Another effort by the association this summer aimed at convincing the town to install the Bubble downvalley in Avon or Edwards also deflated this summer, forcing a heated debate among members of the Vail Town Council and the Vail Recreation District last month.

Ultimately, the council decided to fund the expense of erecting the Bubble again in Vail – and tearing it down – for at least another season.

“I appreciate what the town’s done,” Louise Funk of hockey association said Monday. “We want our program to grow as Vail Junior Hockey, and that only can happen if it stays in Vail.”

Though it’s not involved this year with erecting the Bubble, the district remains charged with operating it. Cook said he expects that to be a money-losing operation this year to the tune of about $30,000.

Nino Licciardi, district chairman, said Monday he thinks the Bubble going up again “is great” and he’s “not lost much sleep” over it since the decision to do so was made.

“We told the town we’d operate it. We just can’t afford to build it,” Licciardi said.

Bubble history

– September 2000 – Vail purchases the temporary inflatable $770,000 ice rink cover as back-up for scheduling strains at Dobson Ice Arena.

– October 2000 – Seventy-six golf course neighbors appeal rezoning for the “Bubble,” but the Town Council denies the appeal and approves operating it on the Vail Golf Course’s driving range for two winters.

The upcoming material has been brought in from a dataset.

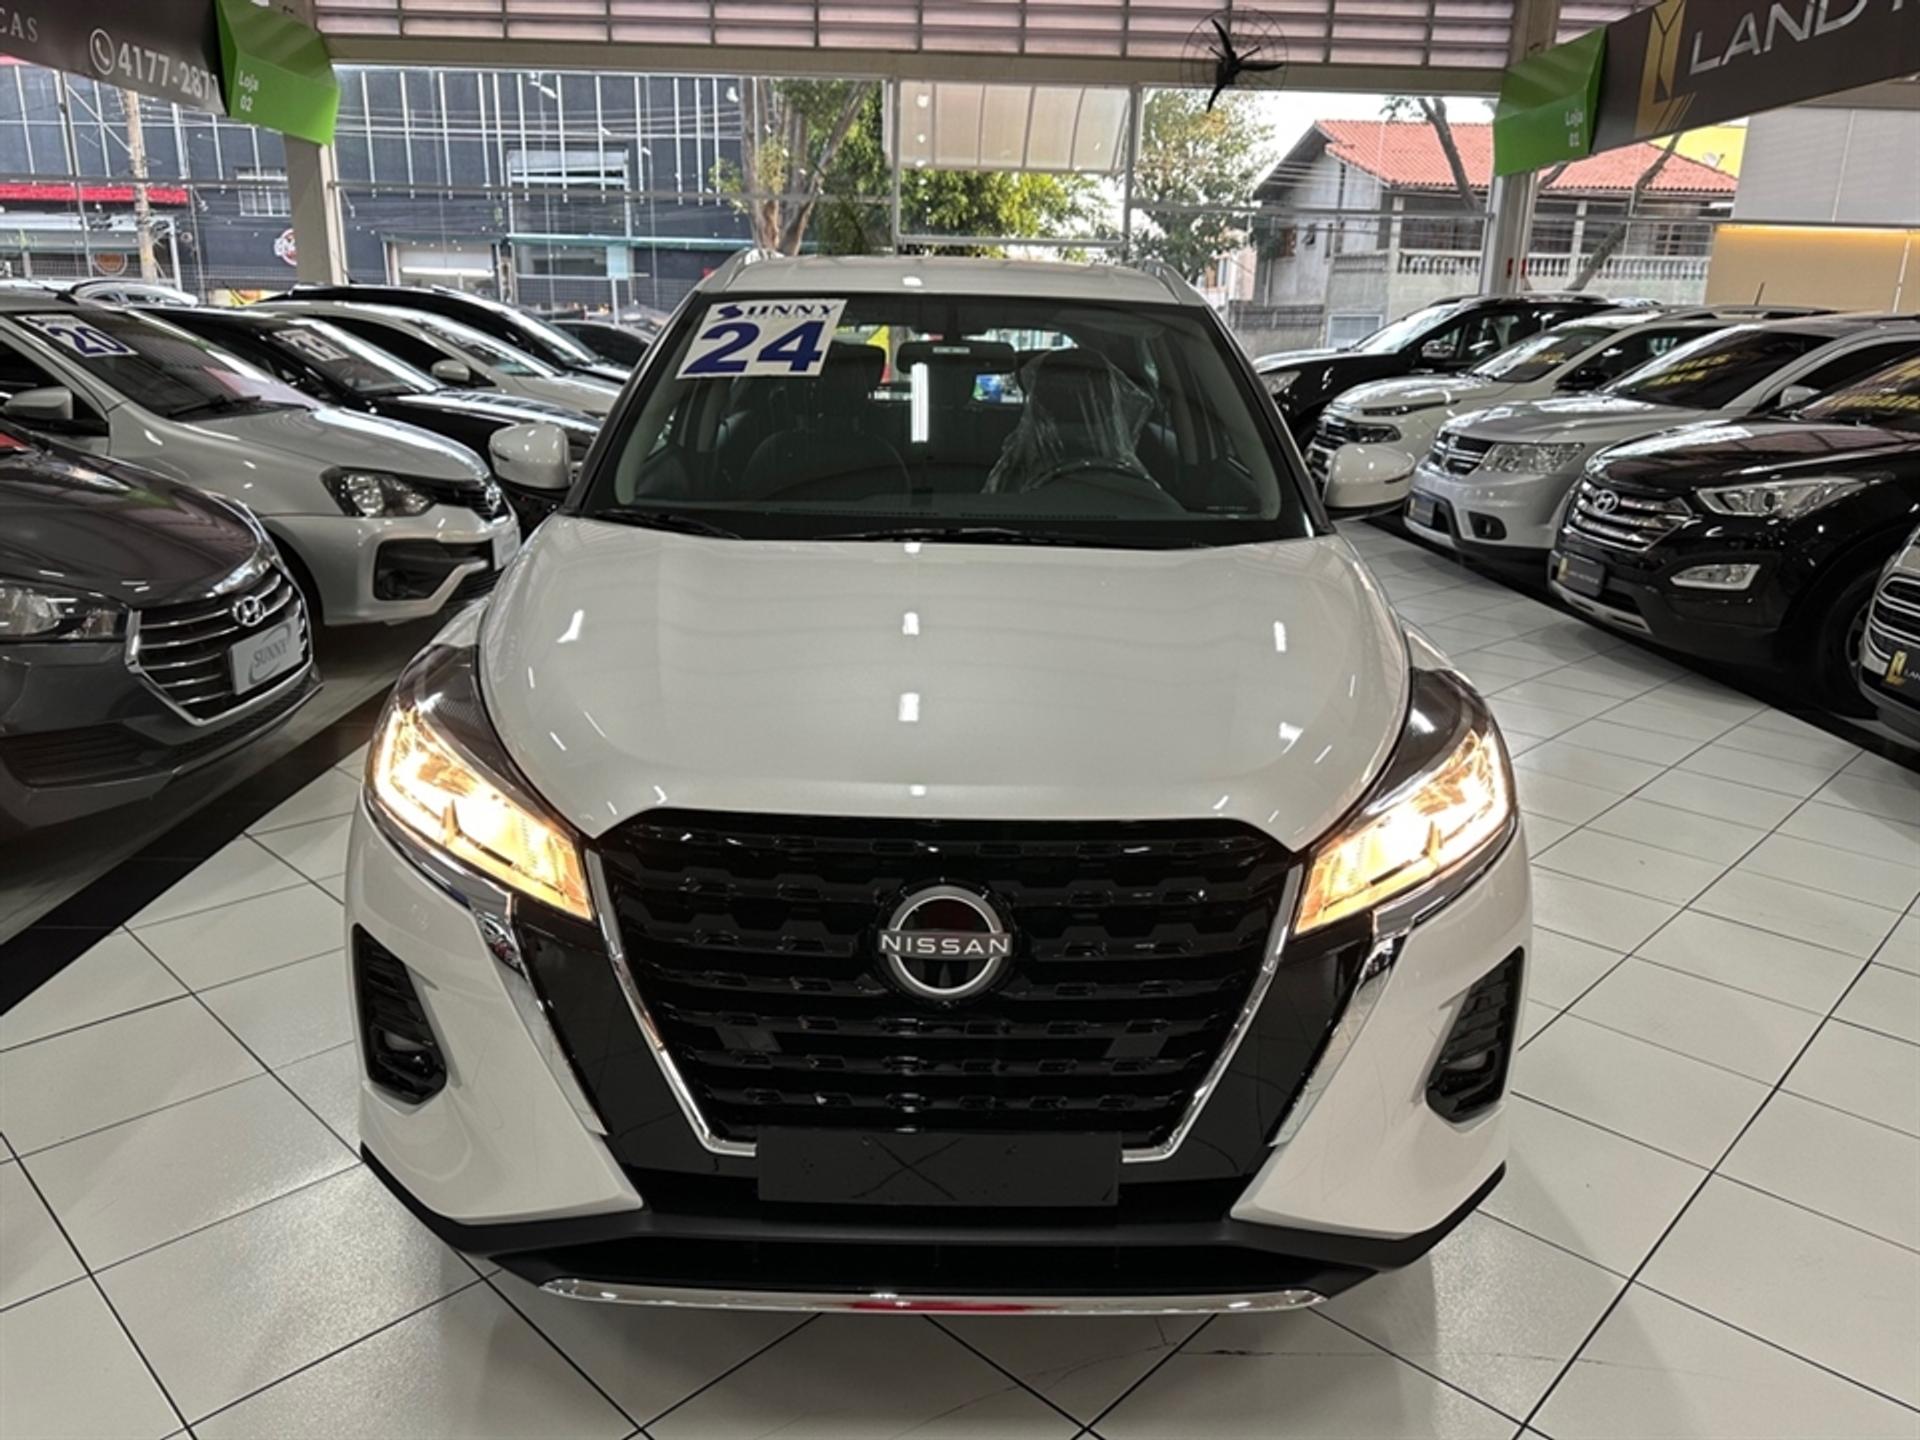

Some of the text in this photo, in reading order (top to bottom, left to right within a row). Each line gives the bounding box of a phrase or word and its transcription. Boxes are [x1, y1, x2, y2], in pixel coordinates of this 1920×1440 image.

Appellants then win a temporary injunction, halting installation. A judge lifts the injunction, binding the case over for trial.

– November and December 2000 – Installation is delayed by weather and litigation.

– January 2001 – Bubble opens for the first time, three months behind schedule.

– April 2001 – Bubble comes down for summer season.

– November 2001 – Bubble is back for second winter season.

– January 2002 – Judge rules the town of Vail failed to properly notify public of rezoning process, declaring the rezoning moot and ordering the Bubble be removed.

– April 2002 – Bubble comes down; two-season permit expires.

– November 2002 – Council changes conditional uses for golf course zoning district to include “seasonal structures.” Bubble set-up commences.

– December 2002, January 2003 – Vail Recreation District board members say bubble not cost-efficient, threaten to refuse paying for the annual set-up and break-down costs, estimated then at $120,000.

– April 2003 – Council considers selling the Bubble.

– September 2003 – Council allocates $190,OOO to pay for set-up and tear-down costs of the Bubble for the 2003-04 season.

– October 2003 – Vail employees begin erecting and inflating the Bubble for its fourth season.